Isaac’s borrows the basic template of a Zelda dungeon crawler and mixes in a well-developed roguelike. Rooms are laid out on a procedurally generated Zelda style map. The goal of each floor (or dungeon) is to reach the final room and defeat the boss. It’s not a simple rush to the end, each room you enter is generated with unique rooms that are custom tailored to your game. Monster rooms lock you in till you deal with all baddies on the screen, treasure rooms reward you with helpful buffs, or challenge rooms may tempt you with treasure chests in exchange for battles with waves of increasingly difficult enemies. Each room is a surprise and figuring out when to battle and when to cut and run is a big part of Isaac’s charm.
A staple of other Zelda items make their way into Isaac as well. Bombs, keys, and coins will become staples of your run and are used in very interesting ways. Bombs can do massive damage to enemies but they can also be used to destroy rocks to make bridges, open blocked doors (allowing you to avoid monster rooms) or even reveal hidden treasure rooms. Keys can be used to open treasure rooms, golden treasure chests, or give you access to shop keeps. Coins function how you would expect, allowing you to purchase items in shops, but you can also use them to gamble for better items at slot machines or you can place them in the donation machine to eventually unlock upgraded shops in future runs.

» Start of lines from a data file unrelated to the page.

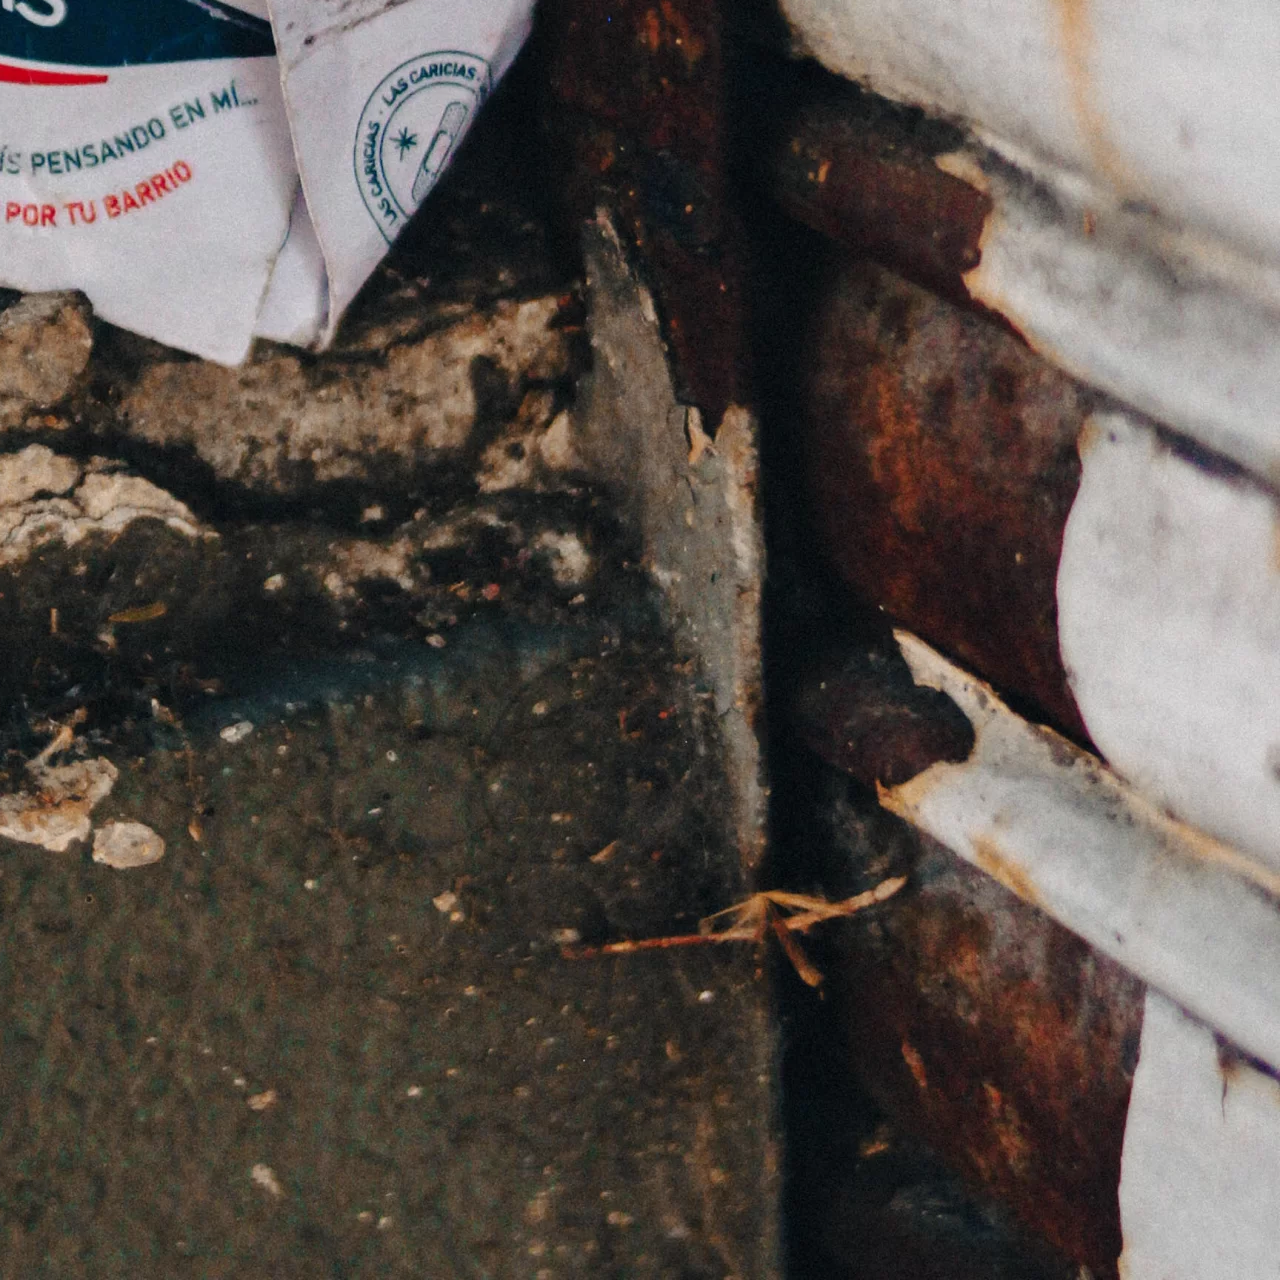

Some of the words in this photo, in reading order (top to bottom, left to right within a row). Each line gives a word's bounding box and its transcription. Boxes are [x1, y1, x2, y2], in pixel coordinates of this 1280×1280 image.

[382, 78, 409, 107] LAS
[409, 62, 479, 85] CARICIAS
[31, 118, 166, 176] PENSANDO
[169, 98, 207, 130] EN
[6, 202, 57, 227] POR
[63, 201, 97, 225] TU
[104, 160, 194, 219] BARRIO
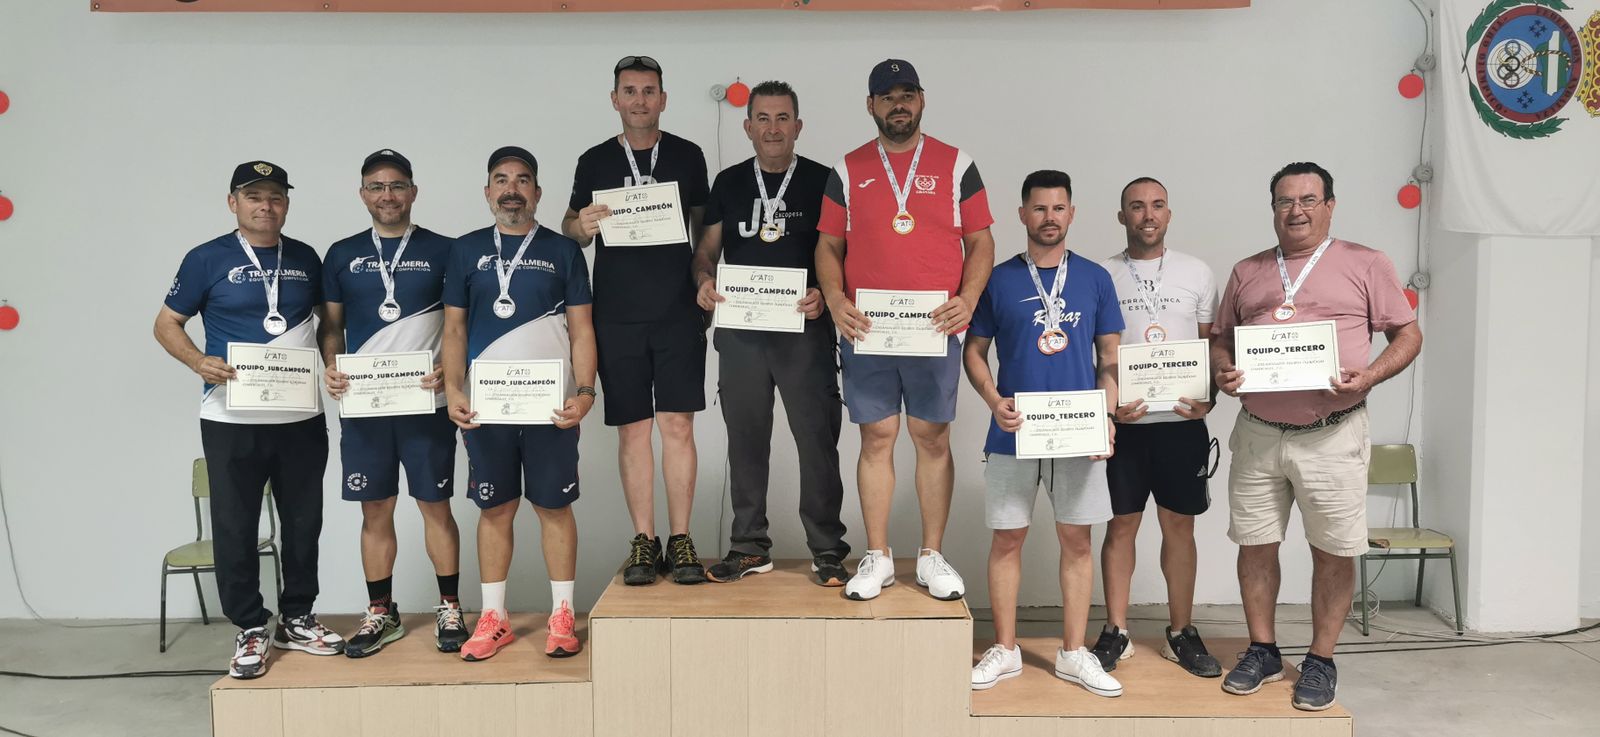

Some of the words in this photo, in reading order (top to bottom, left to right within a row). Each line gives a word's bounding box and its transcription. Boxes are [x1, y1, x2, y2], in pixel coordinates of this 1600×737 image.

[610, 203, 673, 216] UIPO_CAMPEÓN
[397, 260, 430, 268] LMERIA
[725, 285, 797, 296] EQUIPO_CAMPEÓN
[1246, 344, 1326, 355] EQUIPO_TERCERO
[1128, 360, 1198, 371] EQUIPO_TERCERO
[347, 370, 426, 381] QUIPO_SUBCAMPEÓN
[1026, 411, 1096, 421] EQUIPO_TERCERO

Isaac’s main attack consists of tears that can be fired in four cardinal directions. Tears are impacted by your movement as well, allowing you to curve shots with precise movements. This gives combat a surprising amount of depth. Tears will not remain your only weapon. An absolutely huge amount of items and trinkets are available that can drastically change how you play the game. Some items will impact your main stats, like shot speed, damage, or movement. Or they can alter Isaac himself, granting flight, temporary invincibility, or a brand new hairstyle. This is just scratching the surface. With other additions like allies, one use playing cards, rotating cubes of meat (for defense of course), and regenerating health items no two games of Isaac are ever the same. The combinations are practically endless.

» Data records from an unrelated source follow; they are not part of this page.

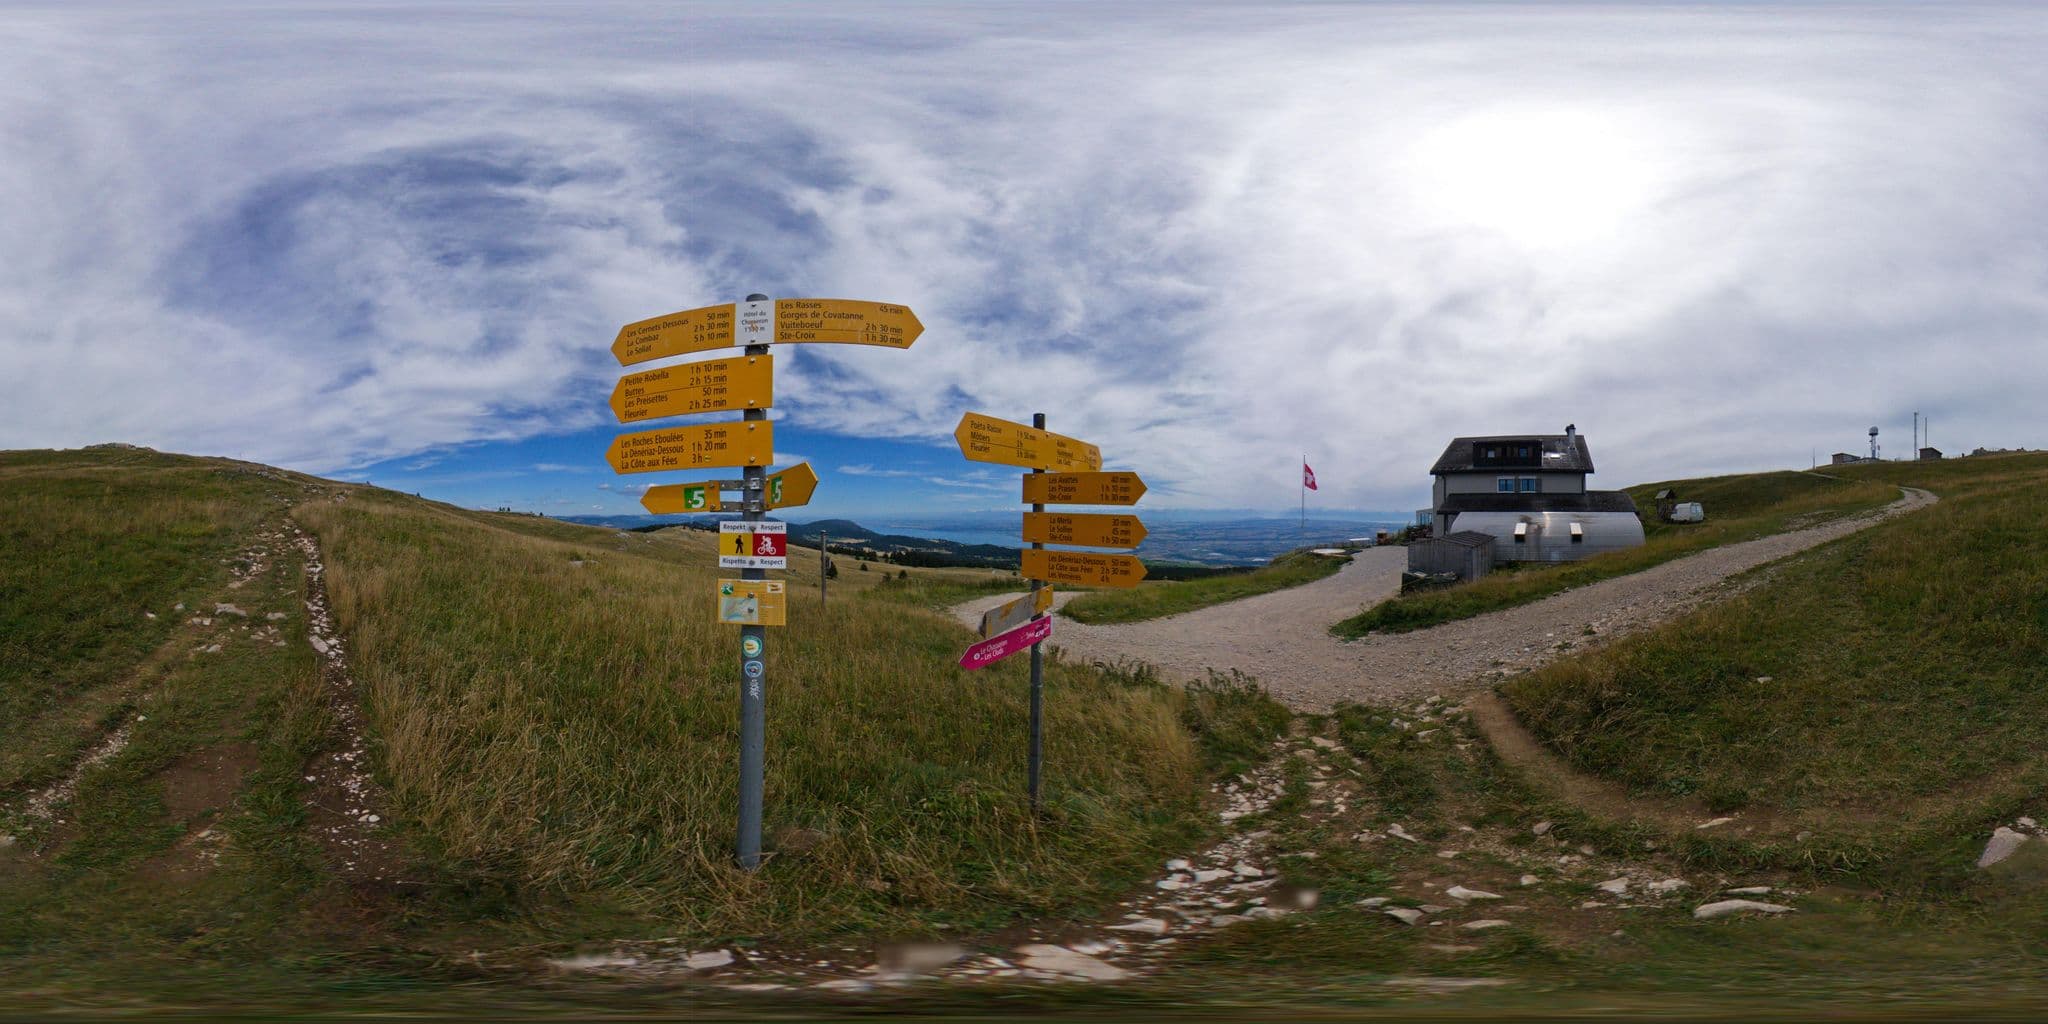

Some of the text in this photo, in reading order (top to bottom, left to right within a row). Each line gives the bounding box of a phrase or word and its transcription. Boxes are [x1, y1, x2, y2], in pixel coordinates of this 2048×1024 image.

[890, 306, 903, 314] min
[707, 312, 730, 321] 50 min
[780, 311, 810, 321] Gorges
[823, 311, 864, 320] Covatanne
[627, 330, 636, 338] Les
[663, 318, 689, 329] Dessous
[707, 322, 715, 330] 30
[716, 321, 730, 329] min
[780, 320, 823, 329] Vuiteboeuf
[871, 323, 876, 331] h
[879, 325, 888, 333] 30
[890, 326, 903, 334] min
[707, 333, 715, 341] 10
[780, 332, 816, 340] Ste-Croix
[871, 333, 876, 342] h
[879, 335, 888, 343] 30
[890, 336, 903, 344] min
[627, 349, 634, 357] Le
[696, 365, 701, 373] h
[704, 364, 712, 372] 10
[714, 362, 727, 371] min
[625, 372, 669, 386] Petite Robella
[695, 377, 701, 385] h
[714, 374, 727, 382] min
[703, 386, 727, 396] 50 min
[624, 400, 635, 409] Les
[695, 401, 700, 409] h
[703, 400, 711, 408] 25
[713, 398, 727, 407] min
[624, 409, 648, 419] Fleurier
[704, 428, 727, 439] 35 min
[621, 440, 631, 449] Les
[632, 437, 653, 447] Roches
[698, 442, 702, 450] h
[704, 441, 712, 451] 20
[714, 440, 727, 449] min
[621, 451, 628, 459] La
[692, 454, 702, 463] 3 h
[621, 455, 678, 469] La Côte aux Fées
[774, 480, 782, 503] 5
[691, 489, 704, 508] 5
[1048, 554, 1057, 562] Les

This actually happens to be one of the harder parts for newcomers. An Isaac run can swing wildly from game to game. At one point you can become a walking death baby wielding transparent, machine-gun exploding tears that rip through bosses and the next game you are struggling with half a heart of health and begging for a key drop. This is the nature of roguelikes and a bad Isaac run can turn into a good Isaac run at any moment. While a good portion of the joy comes from figuring out all the different item combinations, some items remain very esoteric in what they actually do. The game never explicitly explains things such as curses, blessings, or which effects are cosmetic and which have a deeper purpose. For some, this is a refreshing change of pace, for others, this may be more of a hindrance. If you fall into the latter may I suggest you check out the wikia. Just don’t rely on it too much, you may find you lose some of the magic.
The story and atmosphere are dark, exceedingly dark. The game begins when Isaac mother hears a voice, that she interprets as God, telling her to kill Isaac. This begins your run down the dungeons. More is certainly going on here and it is a tragedy I won’t spoil, but the implications you do pick up on are harsh. The game contrasts wildly between its mechanics and story, but that contrast is ultimately what gives Isaac its soul. Even enemy and item designs are twisted. You can expect to fight large poo monsters, headless babies, or enemies who vomit blood. This is not for the faint of heart. It rarely came across as too unsettling but you should know your own limits coming into this.
For some this game may be a huge turn-off and one that was made to be that way. It’s dark, violent, and uncomfortable. But, it is also one of the most fun and addicting games I have ever played. I have already spent one too many late nights with “one more run” syndrome. I am excited to see what kind of crazy combinations the game will throw at me next and Isaac will stay installed on my PC for a good long time.